Records from a collection:
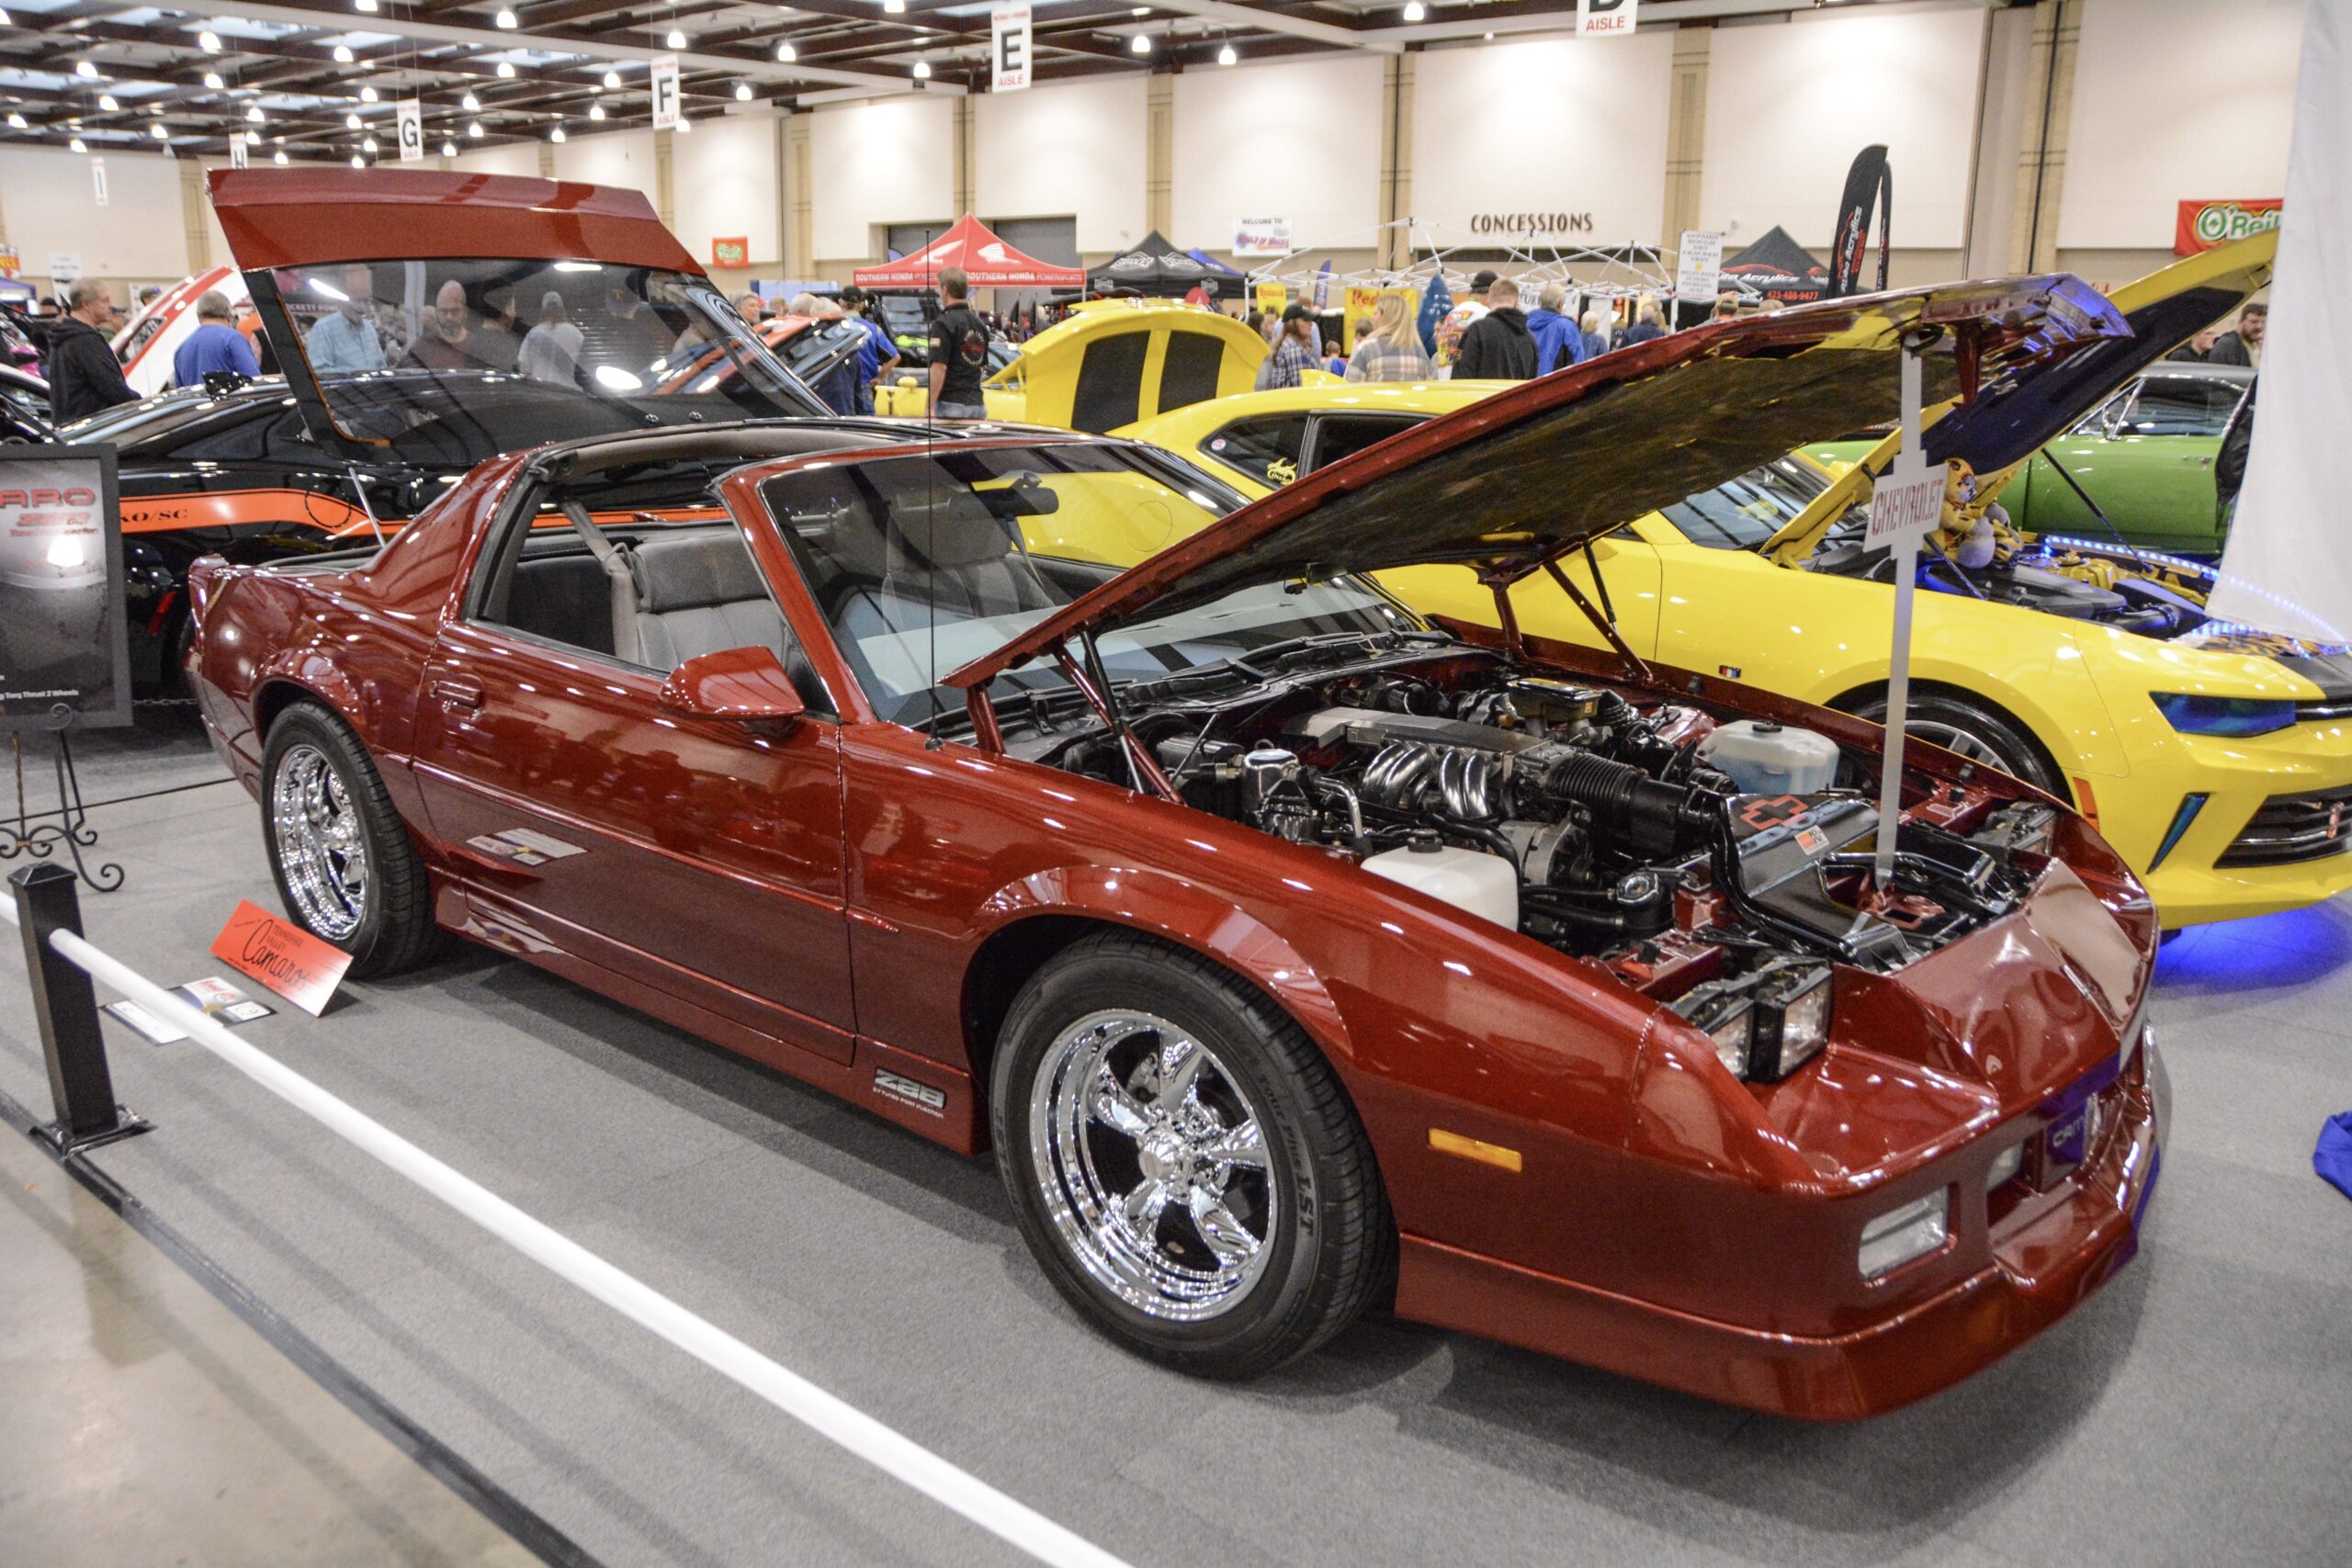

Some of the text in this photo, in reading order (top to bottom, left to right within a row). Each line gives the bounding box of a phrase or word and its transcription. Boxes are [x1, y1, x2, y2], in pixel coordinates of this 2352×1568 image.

[1586, 15, 1625, 31] AISLE
[1001, 27, 1023, 72] E
[999, 74, 1024, 86] AISLE
[658, 76, 673, 112] F
[402, 117, 418, 147] G
[1471, 212, 1593, 232] CONCESSIONS
[855, 273, 889, 281] SOUTHERN
[890, 273, 913, 281] HONDA
[1009, 272, 1035, 280] HONDA
[1739, 273, 1801, 285] Acrylics
[1871, 479, 1943, 536] CHEVROLET
[52, 688, 80, 697] Wheels
[874, 1067, 946, 1110] Z28

TO DO: Repeat the records above exactly, without any pictures.

RESPONSE FOR THIS EXERCISE:
Some of the text in this photo, in reading order (top to bottom, left to right within a row). Each line gives the bounding box of a phrase or word and its transcription. Boxes are [x1, y1, x2, y2], in pixel coordinates of this 2352×1568 image.

[1586, 15, 1625, 31] AISLE
[1001, 27, 1023, 72] E
[999, 74, 1024, 86] AISLE
[658, 76, 673, 112] F
[402, 117, 418, 147] G
[1471, 212, 1593, 232] CONCESSIONS
[855, 273, 889, 281] SOUTHERN
[890, 273, 913, 281] HONDA
[1009, 272, 1035, 280] HONDA
[1739, 273, 1801, 285] Acrylics
[1871, 479, 1943, 536] CHEVROLET
[52, 688, 80, 697] Wheels
[874, 1067, 946, 1110] Z28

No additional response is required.